==== DATA RECORDS

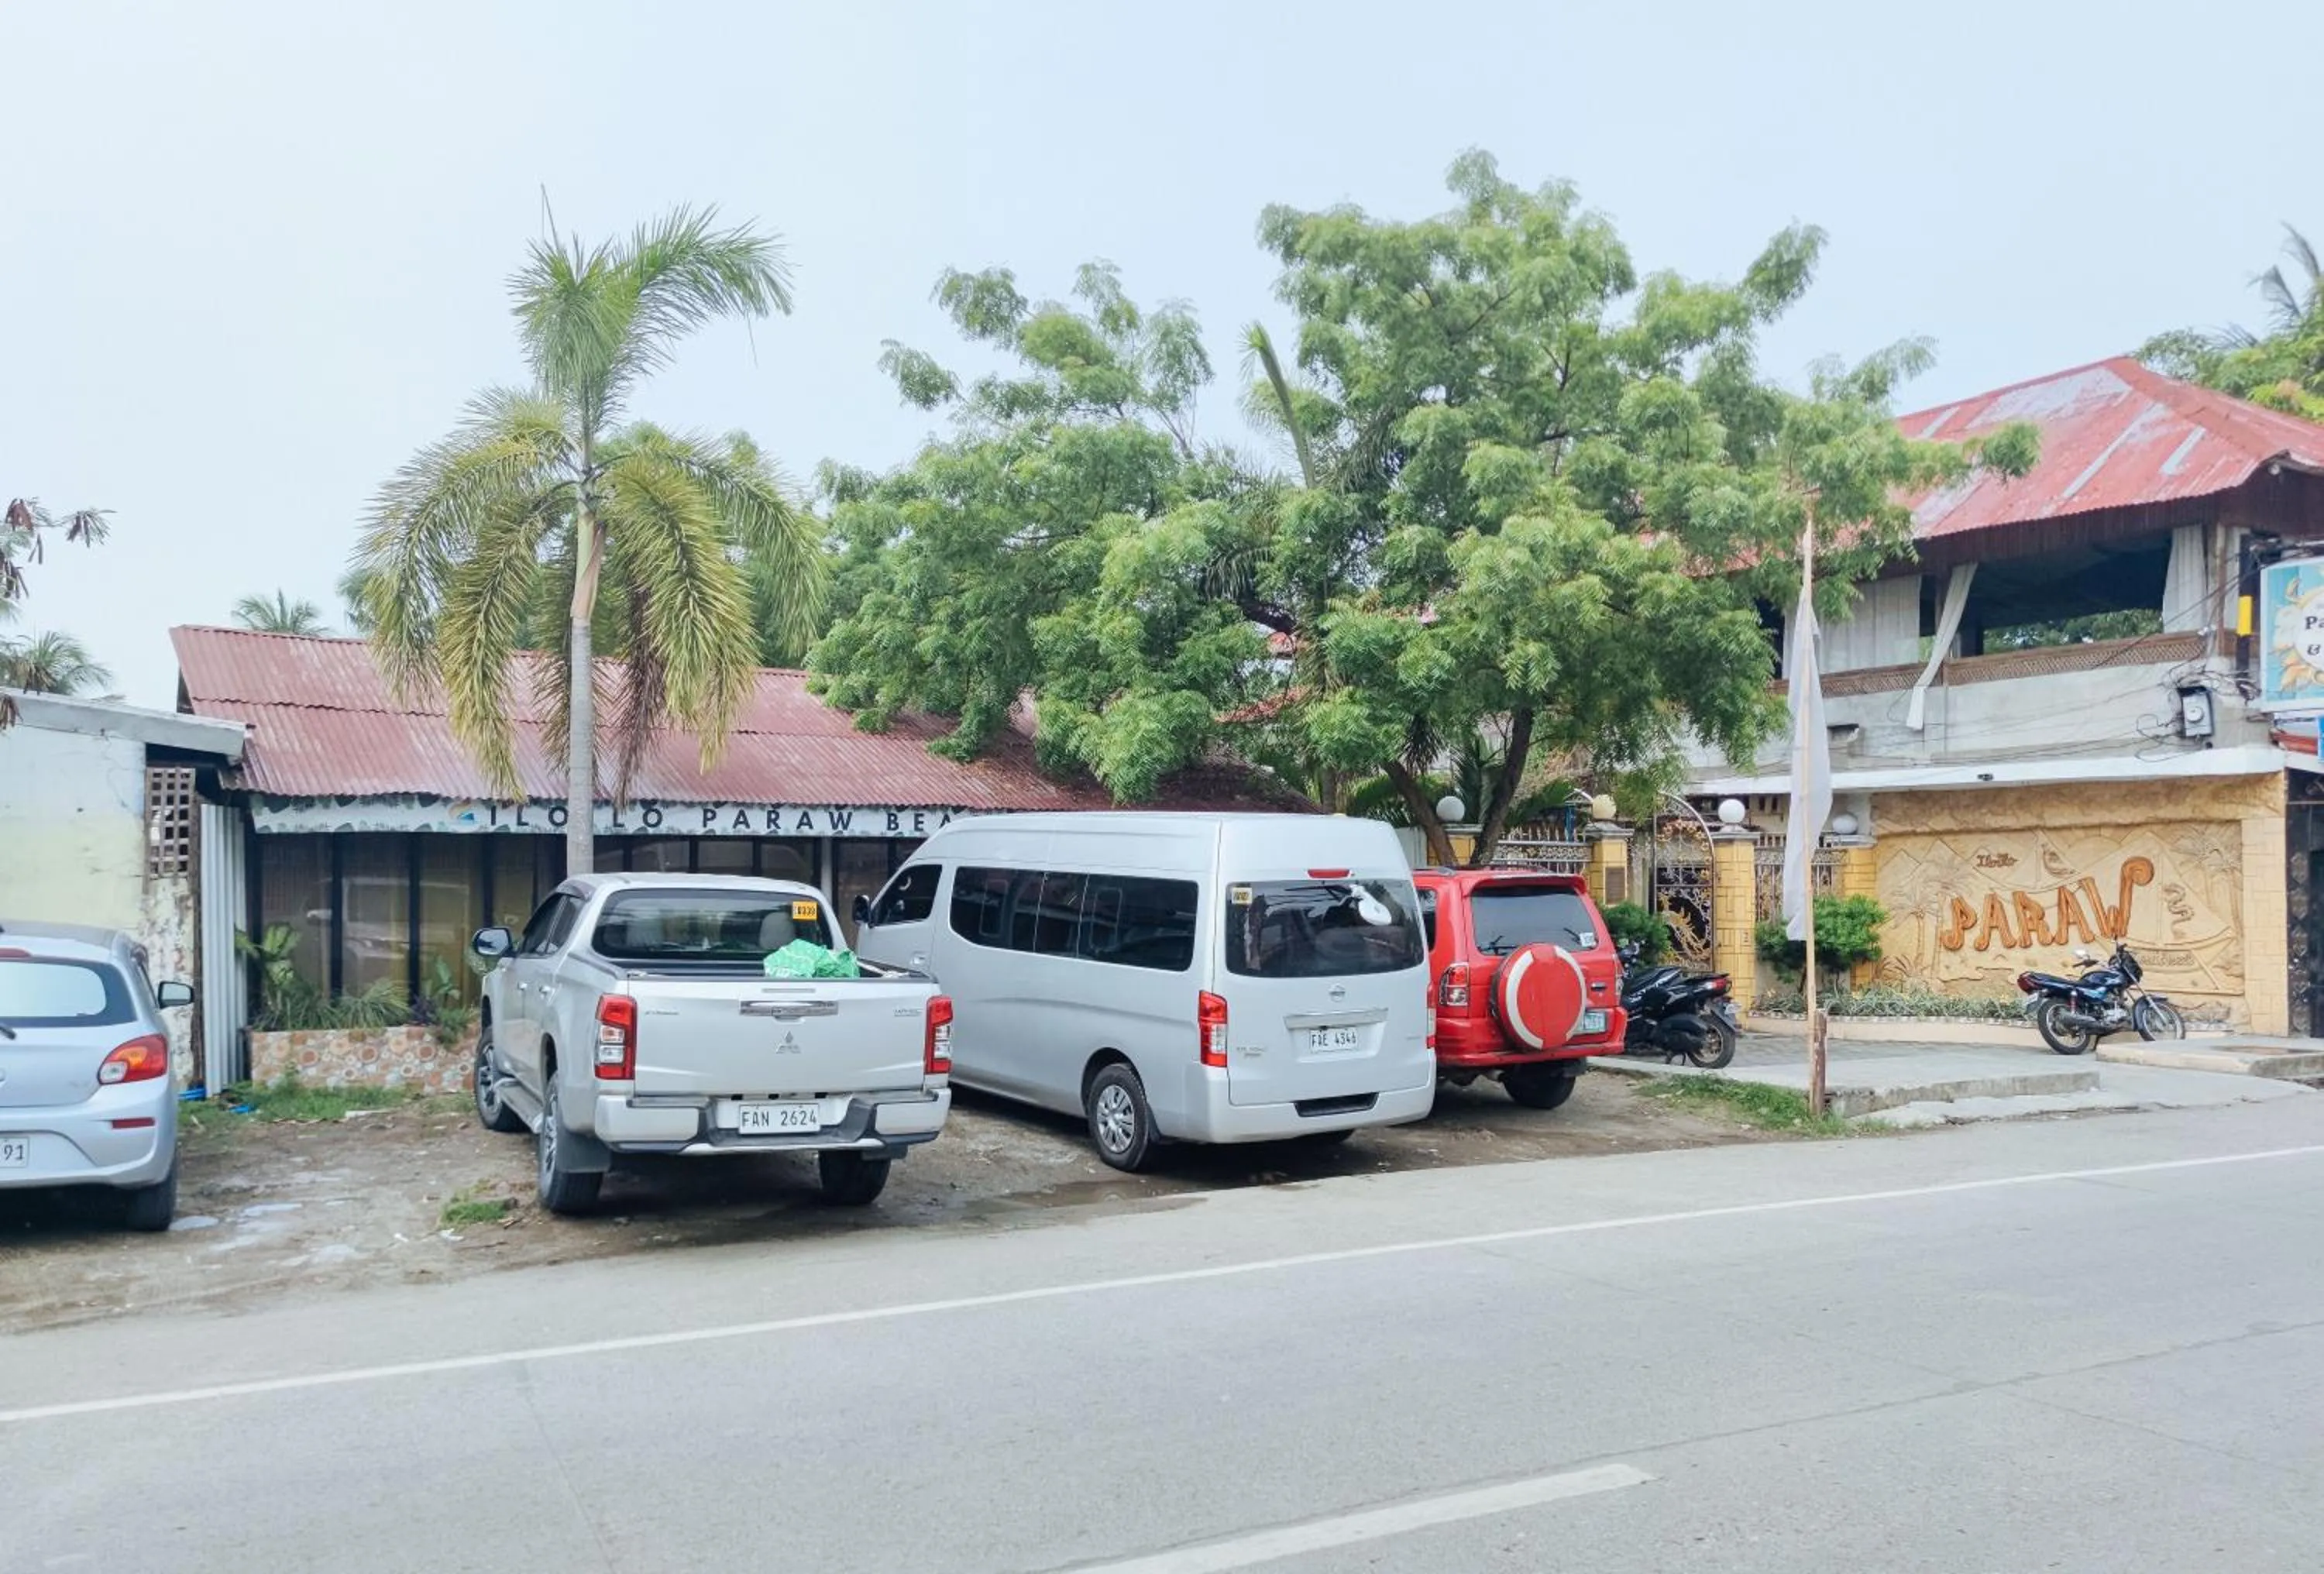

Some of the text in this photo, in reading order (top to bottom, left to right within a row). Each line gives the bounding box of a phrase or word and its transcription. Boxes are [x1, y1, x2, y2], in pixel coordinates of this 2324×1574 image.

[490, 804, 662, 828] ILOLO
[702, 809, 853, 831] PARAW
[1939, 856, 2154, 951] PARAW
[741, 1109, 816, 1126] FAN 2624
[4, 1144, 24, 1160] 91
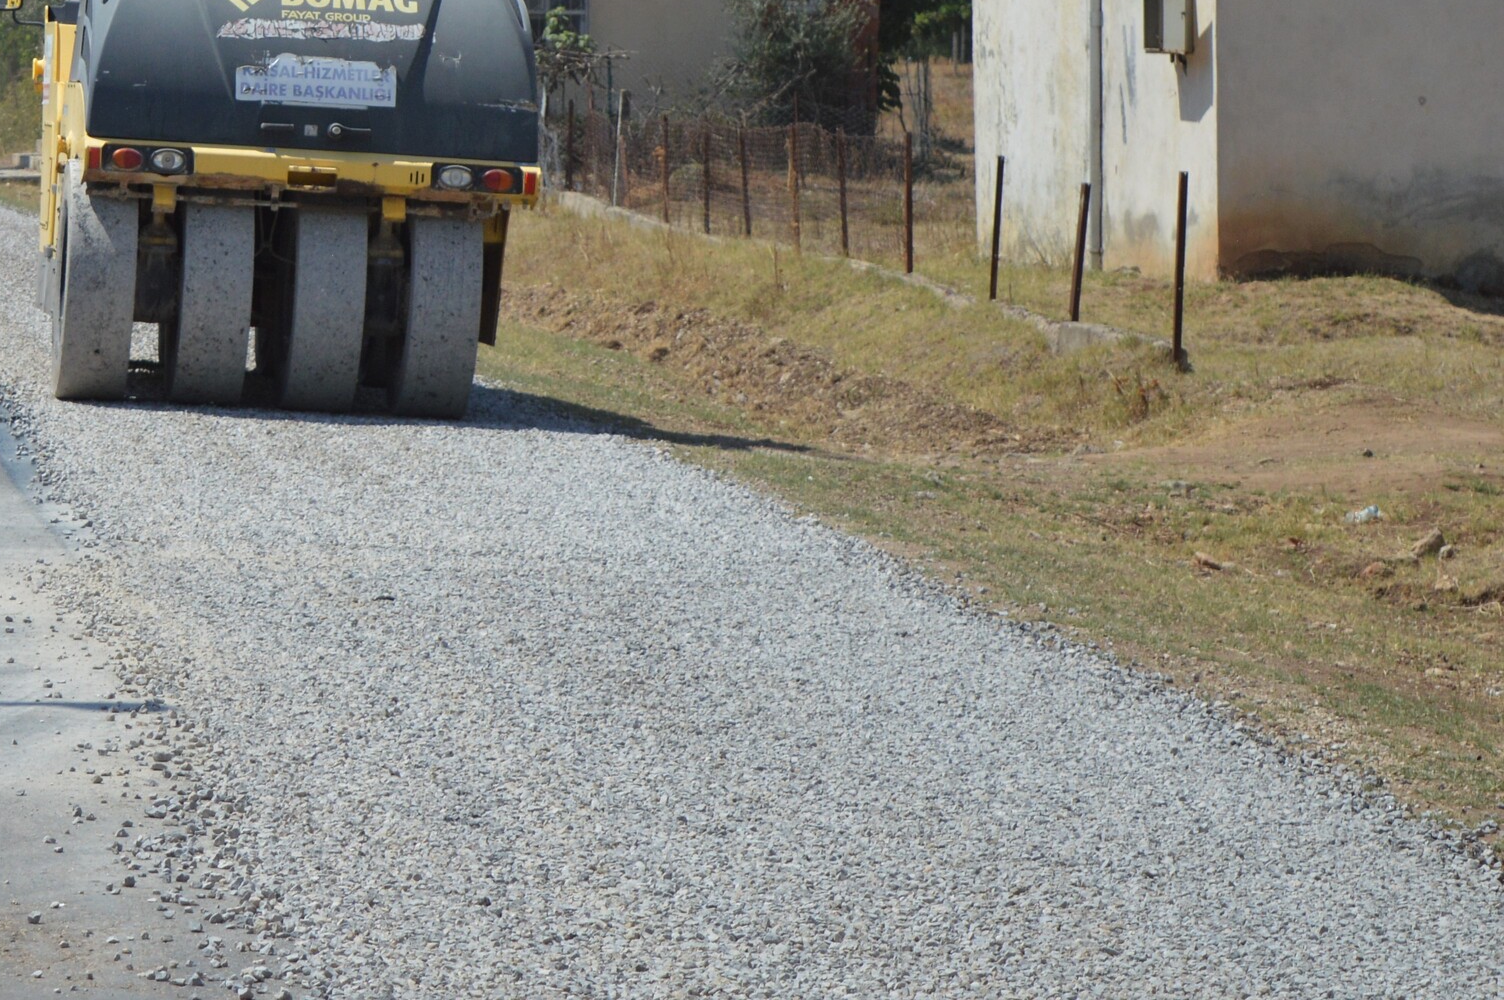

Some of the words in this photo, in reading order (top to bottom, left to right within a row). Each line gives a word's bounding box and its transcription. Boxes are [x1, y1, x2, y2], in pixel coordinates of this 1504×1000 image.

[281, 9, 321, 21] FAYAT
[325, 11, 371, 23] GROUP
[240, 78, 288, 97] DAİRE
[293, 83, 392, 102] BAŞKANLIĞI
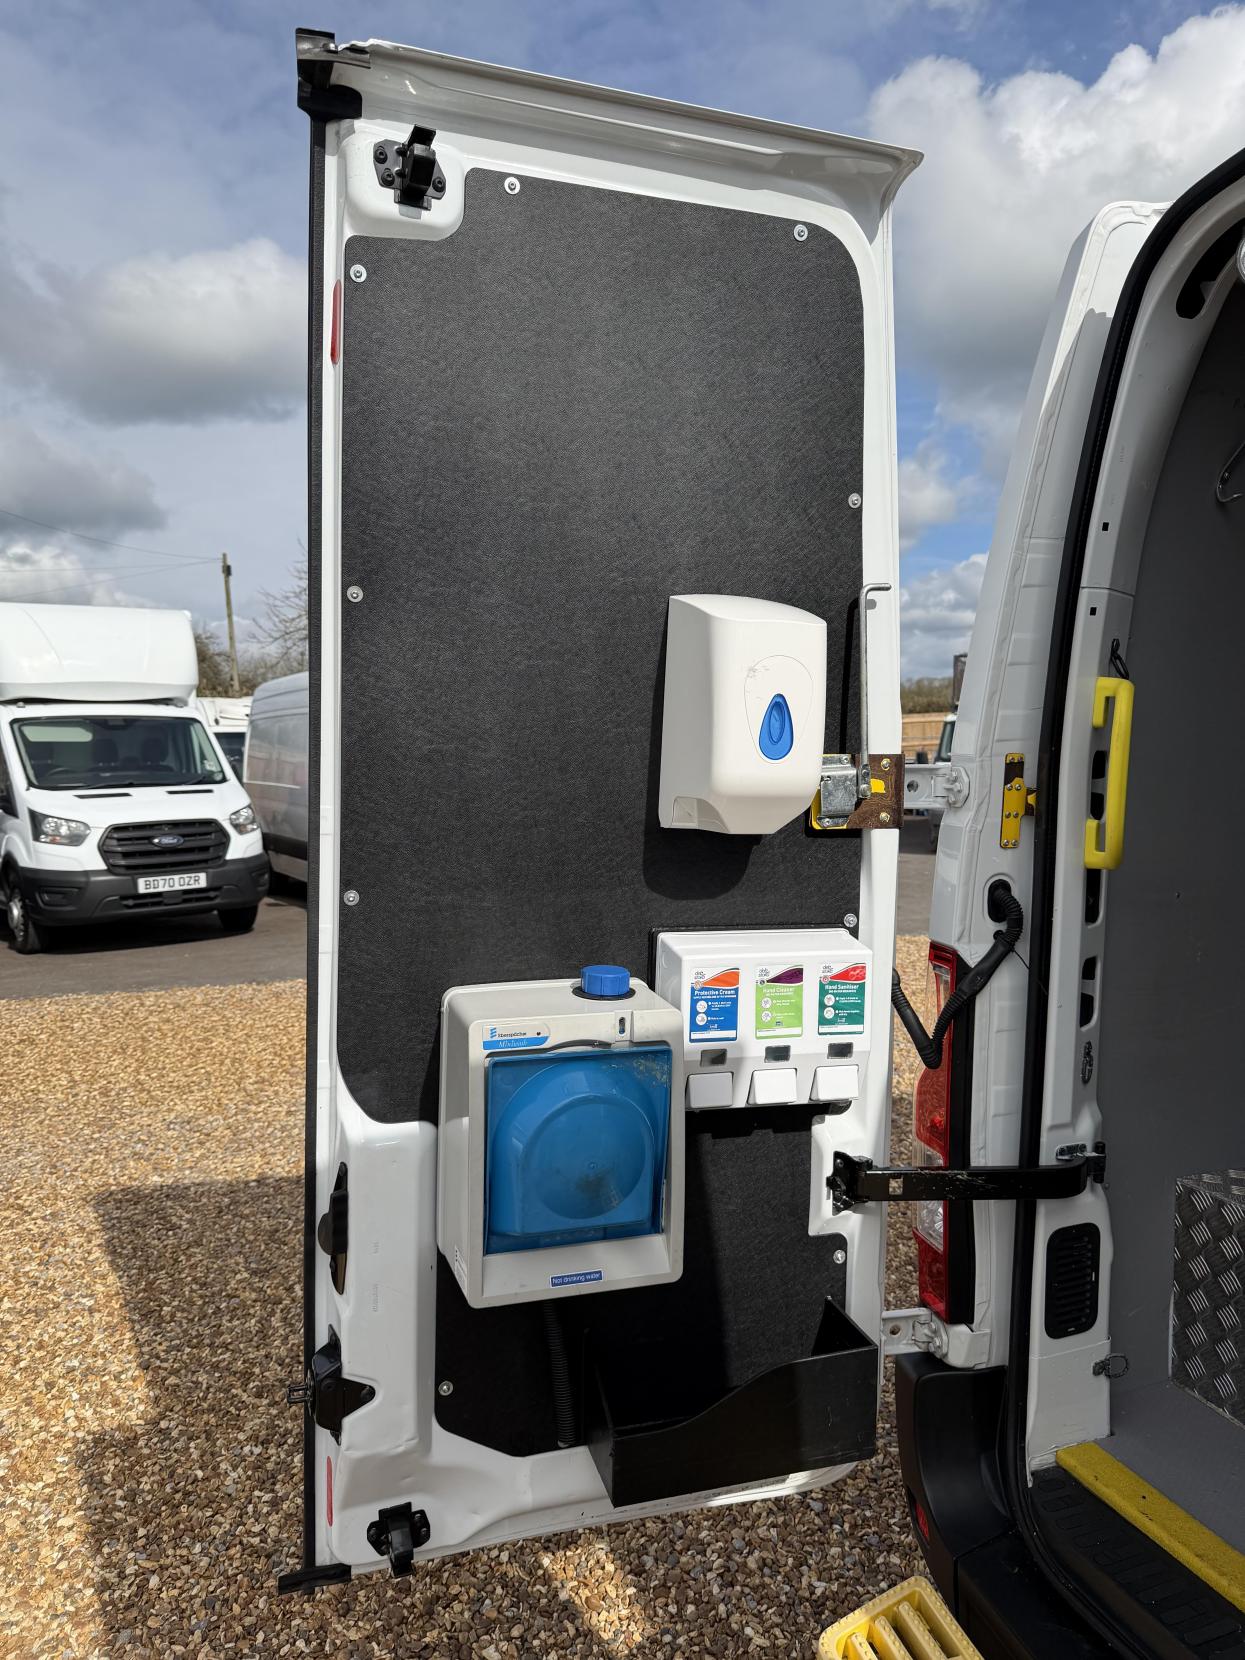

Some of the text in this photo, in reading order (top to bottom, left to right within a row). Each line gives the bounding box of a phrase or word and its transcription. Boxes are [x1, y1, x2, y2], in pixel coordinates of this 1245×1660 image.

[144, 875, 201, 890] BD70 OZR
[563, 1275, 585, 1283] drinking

========

| AIM OF THE EXERCISE |
Transcribe every entry above exactly as it stands, but skip the images.

| WORKED SOLUTION |
Some of the text in this photo, in reading order (top to bottom, left to right within a row). Each line gives the bounding box of a phrase or word and its transcription. Boxes are [x1, y1, x2, y2], in pixel coordinates of this 2324×1574 image.

[490, 804, 662, 828] ILOLO
[702, 809, 853, 831] PARAW
[1939, 856, 2154, 951] PARAW
[741, 1109, 816, 1126] FAN 2624
[4, 1144, 24, 1160] 91

Some of the words in this photo, in reading order (top to bottom, left to right within a row). Each line gives a word's bounding box and its transcription. Boxes are [x1, y1, x2, y2], in pixel coordinates of this 1504×1000 image.

[281, 9, 321, 21] FAYAT
[325, 11, 371, 23] GROUP
[240, 78, 288, 97] DAİRE
[293, 83, 392, 102] BAŞKANLIĞI

Some of the text in this photo, in reading order (top to bottom, left to right within a row). Each line gives the bounding box of a phrase or word and its transcription. Boxes are [x1, y1, x2, y2], in pixel coordinates of this 1245×1660 image.

[144, 875, 201, 890] BD70 OZR
[563, 1275, 585, 1283] drinking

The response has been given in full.